Because your second regex (if ($day=~/\d{1}/)) clobbers $3. I'd rework the code somewhat to:

use strict; use warnings; my %datehash = ( jan => 1, feb => 2, mar => 3, apr => 4, may => 5, jun => 6, jul => 7, aug => 8, sep => 9, oct => 10, nov => 11, dec => 12 ); while (<DATA>) { chomp; my $data = lc $_; next unless $data =~ /(\D{3}) \s* (\d{1,2}) \s* (\d{4})/x; next unless exists $datehash{$1}; my $month = $datehash{$1}; printf "%04d%02d%02d\n", $3, $month, $2; } __DATA__ Oct 16 2004 11:09:19:943AM Mar 3 2007 10:30:31:170PM

Prints:

20041016 20070303

Note the use of \s to match any white space and that a greedy match is used because it makes no difference in this context.
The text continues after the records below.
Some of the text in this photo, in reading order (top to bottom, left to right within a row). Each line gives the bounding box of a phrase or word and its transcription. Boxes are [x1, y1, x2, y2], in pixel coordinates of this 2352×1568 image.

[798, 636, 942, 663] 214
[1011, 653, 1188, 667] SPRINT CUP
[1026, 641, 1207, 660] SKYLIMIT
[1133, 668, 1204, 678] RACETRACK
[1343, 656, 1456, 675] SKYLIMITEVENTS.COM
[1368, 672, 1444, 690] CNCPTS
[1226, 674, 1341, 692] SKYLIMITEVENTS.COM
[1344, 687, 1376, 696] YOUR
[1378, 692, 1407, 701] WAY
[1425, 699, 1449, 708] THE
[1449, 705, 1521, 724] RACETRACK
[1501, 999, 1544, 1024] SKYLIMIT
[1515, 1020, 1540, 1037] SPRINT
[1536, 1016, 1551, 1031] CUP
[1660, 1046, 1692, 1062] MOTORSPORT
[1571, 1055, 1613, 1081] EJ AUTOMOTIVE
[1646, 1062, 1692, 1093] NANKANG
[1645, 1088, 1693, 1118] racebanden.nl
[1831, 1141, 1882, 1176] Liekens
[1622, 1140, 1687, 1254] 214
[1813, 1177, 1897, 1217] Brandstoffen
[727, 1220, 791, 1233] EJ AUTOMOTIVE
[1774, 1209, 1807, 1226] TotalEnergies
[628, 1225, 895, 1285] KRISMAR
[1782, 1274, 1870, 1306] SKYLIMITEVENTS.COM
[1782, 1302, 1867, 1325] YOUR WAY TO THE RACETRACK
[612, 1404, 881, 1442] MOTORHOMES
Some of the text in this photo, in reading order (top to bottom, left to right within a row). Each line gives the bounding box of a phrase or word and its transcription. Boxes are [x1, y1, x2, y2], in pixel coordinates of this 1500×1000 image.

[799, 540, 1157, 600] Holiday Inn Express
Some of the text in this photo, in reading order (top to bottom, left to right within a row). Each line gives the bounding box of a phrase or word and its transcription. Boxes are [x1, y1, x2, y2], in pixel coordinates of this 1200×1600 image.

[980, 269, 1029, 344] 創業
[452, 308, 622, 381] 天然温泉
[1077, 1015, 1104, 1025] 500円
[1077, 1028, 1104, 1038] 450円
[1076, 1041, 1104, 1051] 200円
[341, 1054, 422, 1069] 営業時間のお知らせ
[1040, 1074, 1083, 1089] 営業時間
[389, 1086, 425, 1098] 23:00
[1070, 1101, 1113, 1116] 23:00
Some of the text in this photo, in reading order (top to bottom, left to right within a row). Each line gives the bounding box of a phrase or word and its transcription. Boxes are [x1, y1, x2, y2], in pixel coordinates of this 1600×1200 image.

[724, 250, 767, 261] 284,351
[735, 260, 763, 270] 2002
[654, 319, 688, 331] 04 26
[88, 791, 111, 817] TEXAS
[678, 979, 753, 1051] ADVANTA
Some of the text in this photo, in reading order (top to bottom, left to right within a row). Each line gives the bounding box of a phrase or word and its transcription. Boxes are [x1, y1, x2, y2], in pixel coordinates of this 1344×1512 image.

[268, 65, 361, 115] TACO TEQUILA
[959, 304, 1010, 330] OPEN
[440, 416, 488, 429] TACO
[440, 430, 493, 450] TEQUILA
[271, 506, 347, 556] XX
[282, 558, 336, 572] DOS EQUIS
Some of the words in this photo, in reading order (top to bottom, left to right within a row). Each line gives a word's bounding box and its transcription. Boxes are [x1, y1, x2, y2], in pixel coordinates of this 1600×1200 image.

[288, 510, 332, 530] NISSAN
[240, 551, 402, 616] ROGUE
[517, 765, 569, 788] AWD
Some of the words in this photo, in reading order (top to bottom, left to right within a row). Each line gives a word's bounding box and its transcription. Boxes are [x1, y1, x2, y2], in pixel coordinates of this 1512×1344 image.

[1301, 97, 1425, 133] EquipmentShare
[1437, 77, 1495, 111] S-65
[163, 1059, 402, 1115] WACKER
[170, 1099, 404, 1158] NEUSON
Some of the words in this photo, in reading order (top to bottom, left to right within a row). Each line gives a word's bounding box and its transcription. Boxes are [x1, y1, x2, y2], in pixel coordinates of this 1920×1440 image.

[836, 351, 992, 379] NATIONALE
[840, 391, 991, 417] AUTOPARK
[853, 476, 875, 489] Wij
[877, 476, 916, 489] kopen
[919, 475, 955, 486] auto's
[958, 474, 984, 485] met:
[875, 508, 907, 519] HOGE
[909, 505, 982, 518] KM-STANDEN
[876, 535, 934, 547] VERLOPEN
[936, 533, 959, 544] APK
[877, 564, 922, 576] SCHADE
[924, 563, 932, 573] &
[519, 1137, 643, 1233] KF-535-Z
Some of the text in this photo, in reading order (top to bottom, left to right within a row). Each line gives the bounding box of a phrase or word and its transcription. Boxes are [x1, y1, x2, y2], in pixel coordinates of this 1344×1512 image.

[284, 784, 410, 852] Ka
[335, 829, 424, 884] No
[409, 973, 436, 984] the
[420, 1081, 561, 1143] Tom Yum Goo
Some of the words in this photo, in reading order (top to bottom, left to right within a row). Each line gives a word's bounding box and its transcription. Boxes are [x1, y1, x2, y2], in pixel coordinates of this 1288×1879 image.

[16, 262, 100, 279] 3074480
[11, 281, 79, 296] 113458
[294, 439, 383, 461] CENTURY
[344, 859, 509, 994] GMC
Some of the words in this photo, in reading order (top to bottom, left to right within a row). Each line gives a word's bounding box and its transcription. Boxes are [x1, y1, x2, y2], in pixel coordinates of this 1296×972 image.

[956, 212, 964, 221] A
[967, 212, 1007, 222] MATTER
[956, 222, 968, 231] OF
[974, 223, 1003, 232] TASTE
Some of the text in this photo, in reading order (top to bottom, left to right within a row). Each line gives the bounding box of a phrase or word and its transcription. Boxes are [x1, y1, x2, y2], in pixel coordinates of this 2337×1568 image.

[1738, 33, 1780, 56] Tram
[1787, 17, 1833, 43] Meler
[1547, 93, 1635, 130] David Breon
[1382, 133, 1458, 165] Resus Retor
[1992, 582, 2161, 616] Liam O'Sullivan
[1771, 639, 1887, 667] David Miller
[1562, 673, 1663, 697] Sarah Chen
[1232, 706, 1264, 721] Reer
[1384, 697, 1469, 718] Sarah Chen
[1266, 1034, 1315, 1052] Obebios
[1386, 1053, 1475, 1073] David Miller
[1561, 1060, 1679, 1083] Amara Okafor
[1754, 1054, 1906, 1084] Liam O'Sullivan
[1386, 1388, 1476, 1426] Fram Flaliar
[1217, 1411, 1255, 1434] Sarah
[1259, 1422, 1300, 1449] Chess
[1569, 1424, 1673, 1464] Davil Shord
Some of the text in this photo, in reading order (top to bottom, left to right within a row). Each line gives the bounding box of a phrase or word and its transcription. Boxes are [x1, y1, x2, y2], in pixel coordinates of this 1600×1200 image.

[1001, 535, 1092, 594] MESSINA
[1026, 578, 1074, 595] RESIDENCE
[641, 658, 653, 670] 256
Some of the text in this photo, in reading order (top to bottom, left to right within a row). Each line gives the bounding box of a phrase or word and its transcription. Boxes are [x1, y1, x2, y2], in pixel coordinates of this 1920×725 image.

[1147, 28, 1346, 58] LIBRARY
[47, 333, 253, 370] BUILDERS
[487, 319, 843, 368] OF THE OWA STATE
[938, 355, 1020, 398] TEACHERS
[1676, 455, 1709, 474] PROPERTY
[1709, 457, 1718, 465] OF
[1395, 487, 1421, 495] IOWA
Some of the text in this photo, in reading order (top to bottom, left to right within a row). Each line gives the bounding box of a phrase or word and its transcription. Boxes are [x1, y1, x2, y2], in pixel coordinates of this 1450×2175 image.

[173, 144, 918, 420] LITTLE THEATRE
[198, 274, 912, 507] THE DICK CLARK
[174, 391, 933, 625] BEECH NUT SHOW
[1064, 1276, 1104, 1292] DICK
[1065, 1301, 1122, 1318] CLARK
Note too that the /x flag is used so that white space can be used in the regex to make the different parts more obvious.

printf is a cleaner way of generating the string. If you want the assign the result to a variable use sprintf instead.

For future reference it is worth giving a stand alone runnable sample such as this so others can reproduce your problem easily.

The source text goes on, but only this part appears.